● **EXERCISE INSTRUCTIONS**
Take the whole listing and reproduce it exactly, pictures excepted.

··· RECORDS TO USE

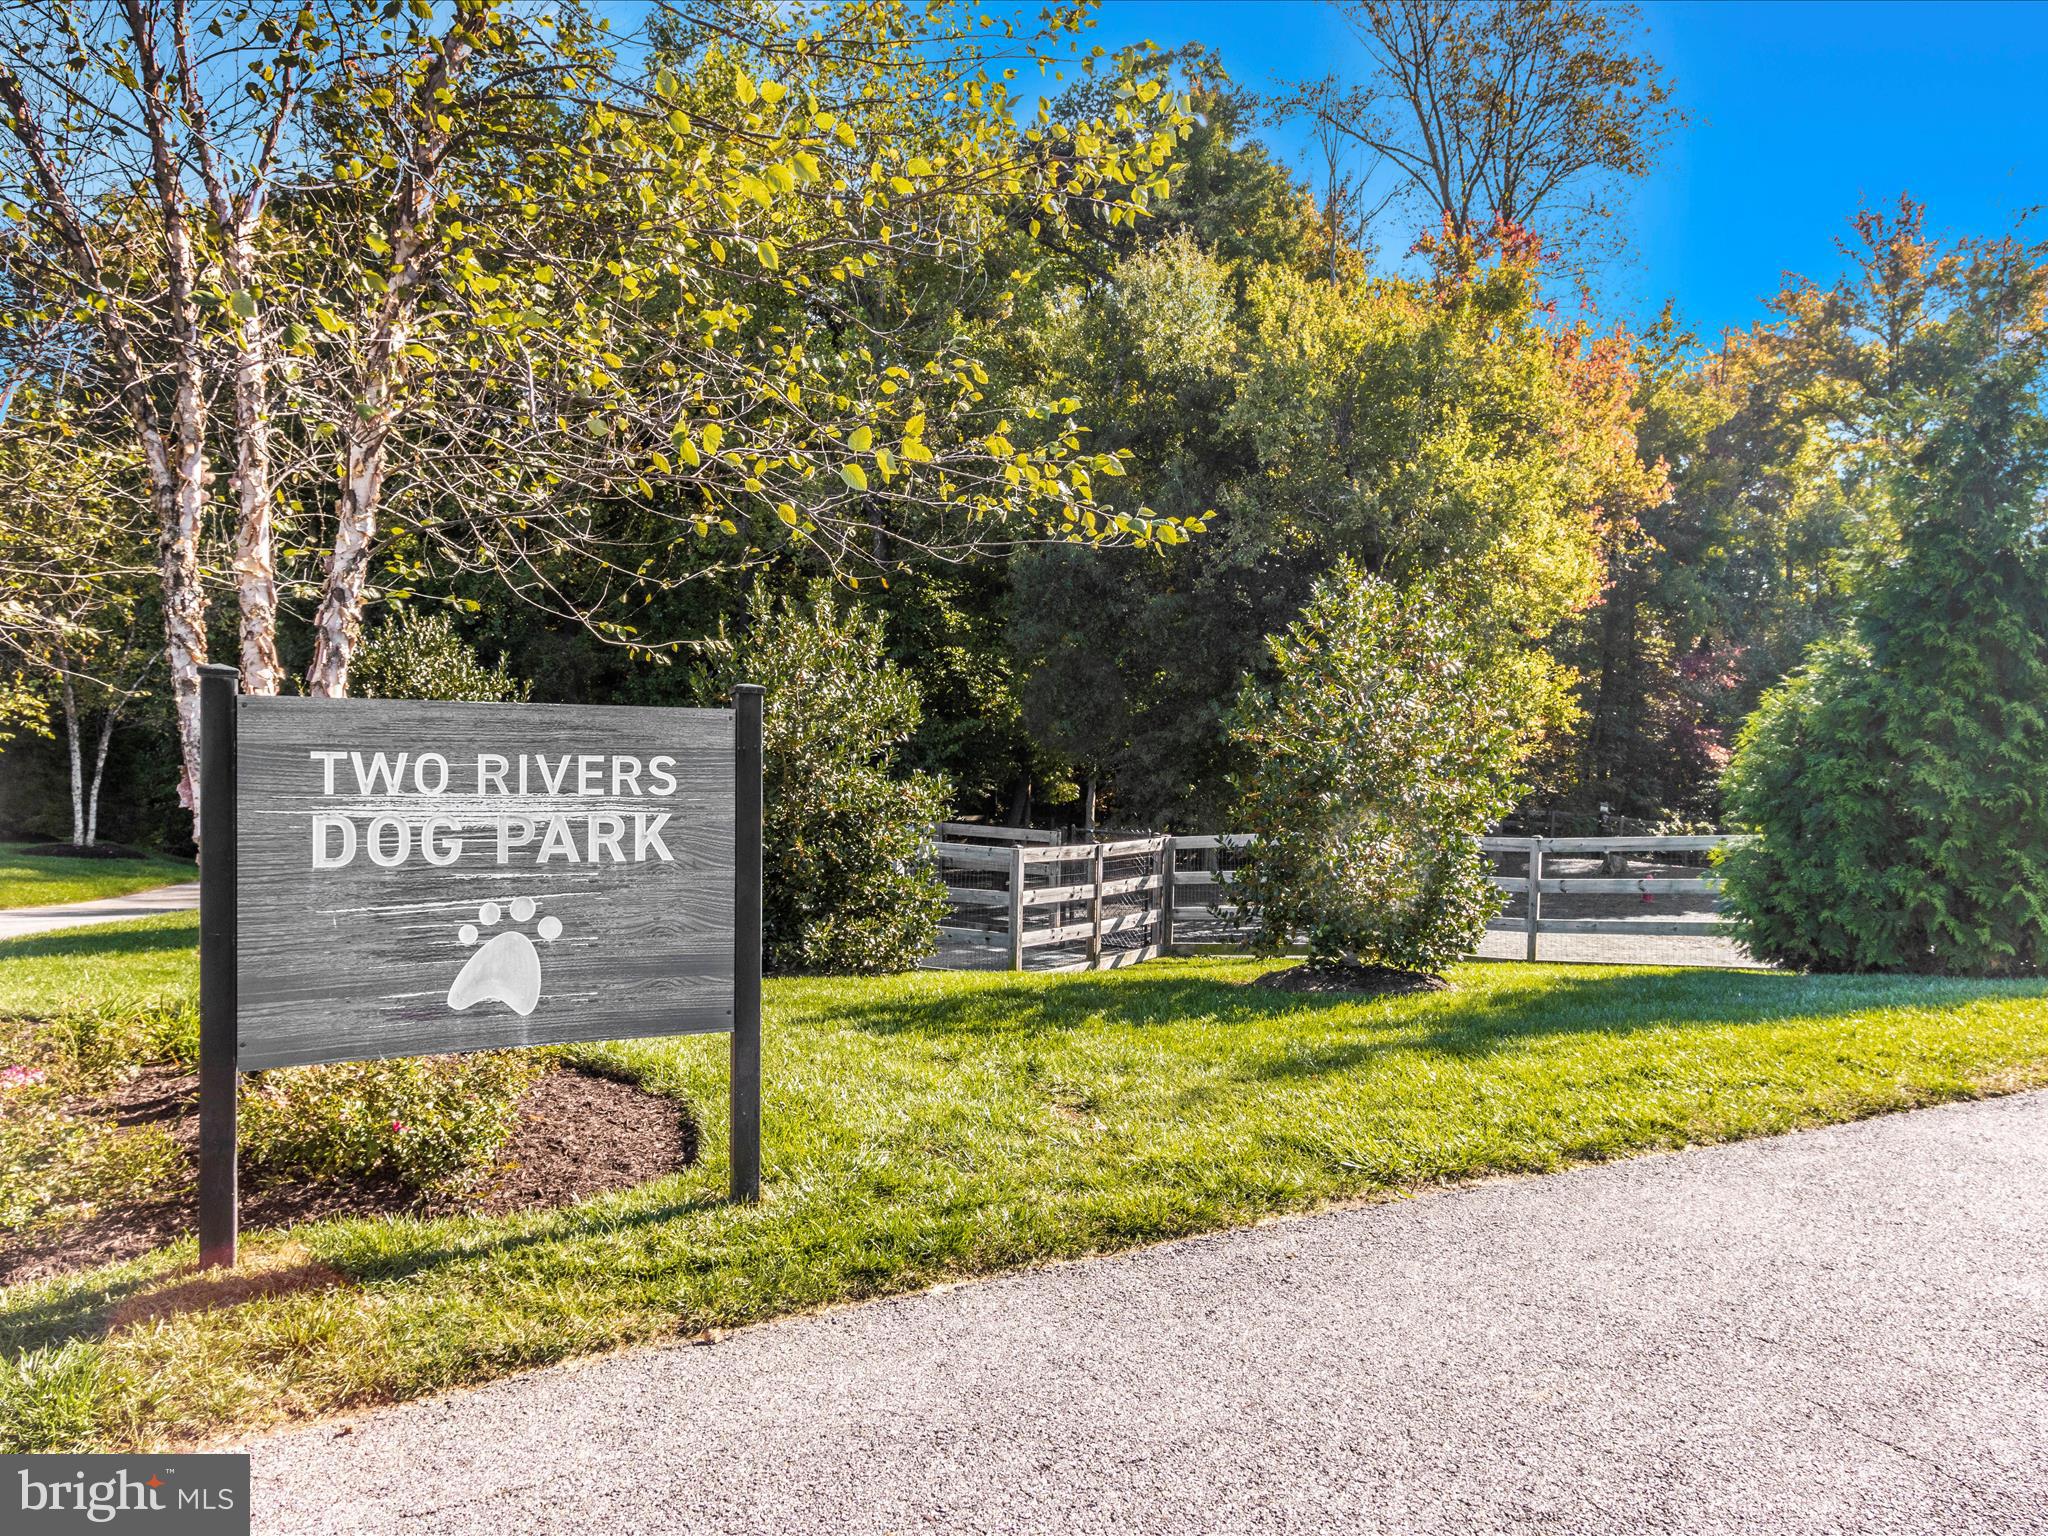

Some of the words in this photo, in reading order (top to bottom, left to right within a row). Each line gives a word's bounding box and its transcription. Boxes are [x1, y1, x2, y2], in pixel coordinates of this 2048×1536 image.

[310, 751, 449, 795] TWO
[477, 753, 678, 796] RIVERS
[311, 814, 463, 869] DOG
[496, 812, 675, 864] PARK

······

● **RESULT OF THIS EXERCISE**
Some of the words in this photo, in reading order (top to bottom, left to right within a row). Each line gives a word's bounding box and its transcription. Boxes are [x1, y1, x2, y2], in pixel coordinates of this 2048×1536 image.

[310, 751, 449, 795] TWO
[477, 753, 678, 796] RIVERS
[311, 814, 463, 869] DOG
[496, 812, 675, 864] PARK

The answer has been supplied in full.